In its resolution, the European Parliament does not ask to increase the figures of the budget agreement – ​​960 billion in commitments and 908,4 billion in terms of payments for the seven years -, but to introduce a number of clauses which would change the management methods, possibly also allowing an adjustment of the total amount with new additional resources, if necessary, around the middle of the programming period. Furthermore, according to Strasbourg, any decision to modify the budget should be taken by the European Council by qualified majority and not unanimously.
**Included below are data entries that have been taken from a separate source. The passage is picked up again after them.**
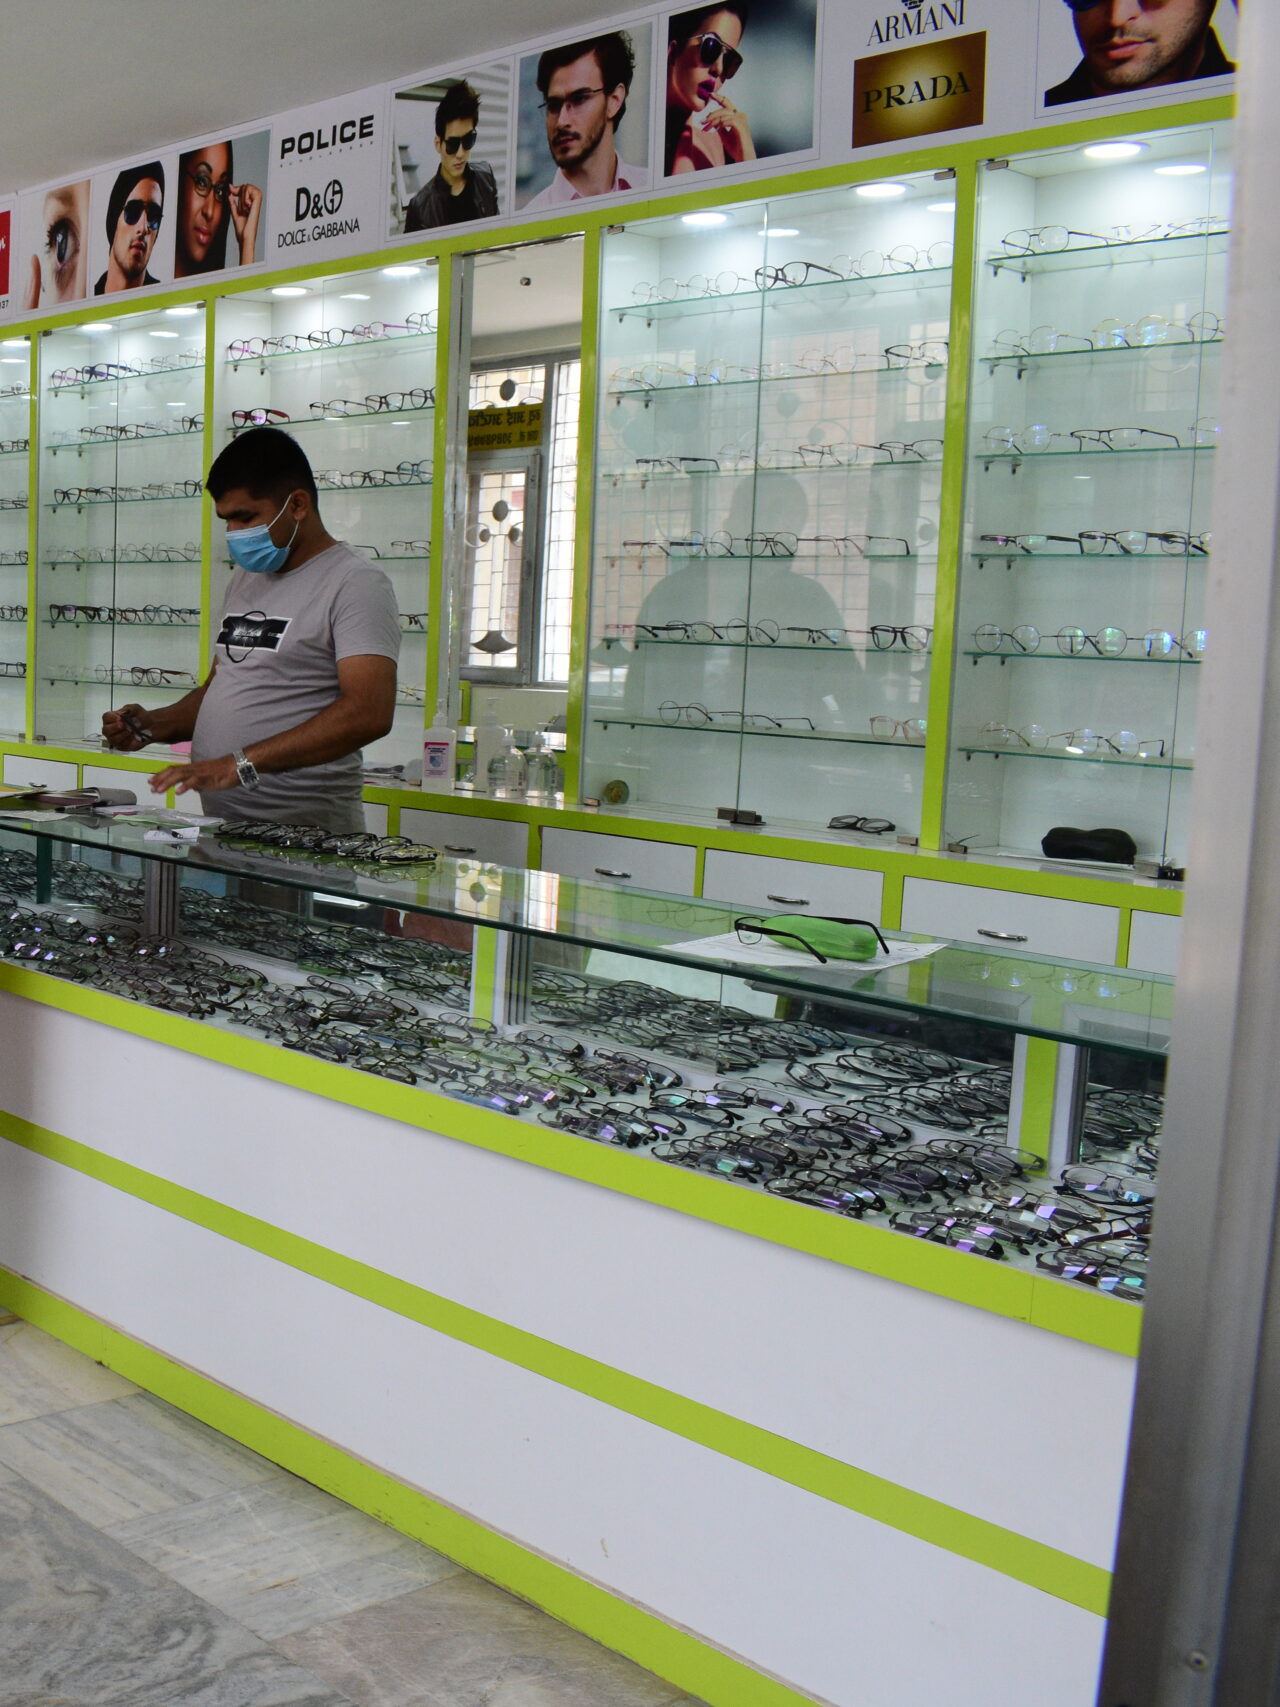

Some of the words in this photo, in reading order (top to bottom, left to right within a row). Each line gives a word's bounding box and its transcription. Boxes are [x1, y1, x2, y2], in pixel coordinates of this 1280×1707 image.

[866, 0, 966, 46] ARMANI
[863, 71, 971, 114] PRADA
[280, 114, 374, 160] POLICE
[295, 179, 344, 222] D&G
[277, 228, 306, 248] DOLCE
[312, 217, 360, 241] GABBANA
The European Parliament has also asked for a flexibility clause to be inserted which allows unspent funds to be transferred from one year to another and from one category of expenditure to another. Another important point is the clear rejection of the gap between commitments and payments (proposed by the European Council to please Great Britain), with a difference of over 40 billion euros which – according to the European Parliament – ​​would put the EU budget in a "deficit" situation programmed” (funds allocated for expenditure programs which, once implemented, cannot be fully paid), with the consequence of deferring the outstanding debt of the previous year to the following year.

The fourth condition set by the European Parliament is that the heads of government consider the Commission's proposal to replace a large part of the Member States' contributions to the EU budget with "own resources", such as the tax on financial transactions or a tax on emissions greenhouse effect, the proceeds of which, at least in part, would go directly into Brussels' coffers.

The president of the European Parliament, Martin Schulz, will bring the resolution to tomorrow's EU summit in Brussels to illustrate it to the heads of state and government. At that point, negotiations will begin to reach a compromise. The negotiation promises to be complex, above all due to the reluctance of the member states to recognize the new powers claimed by the European Parliament.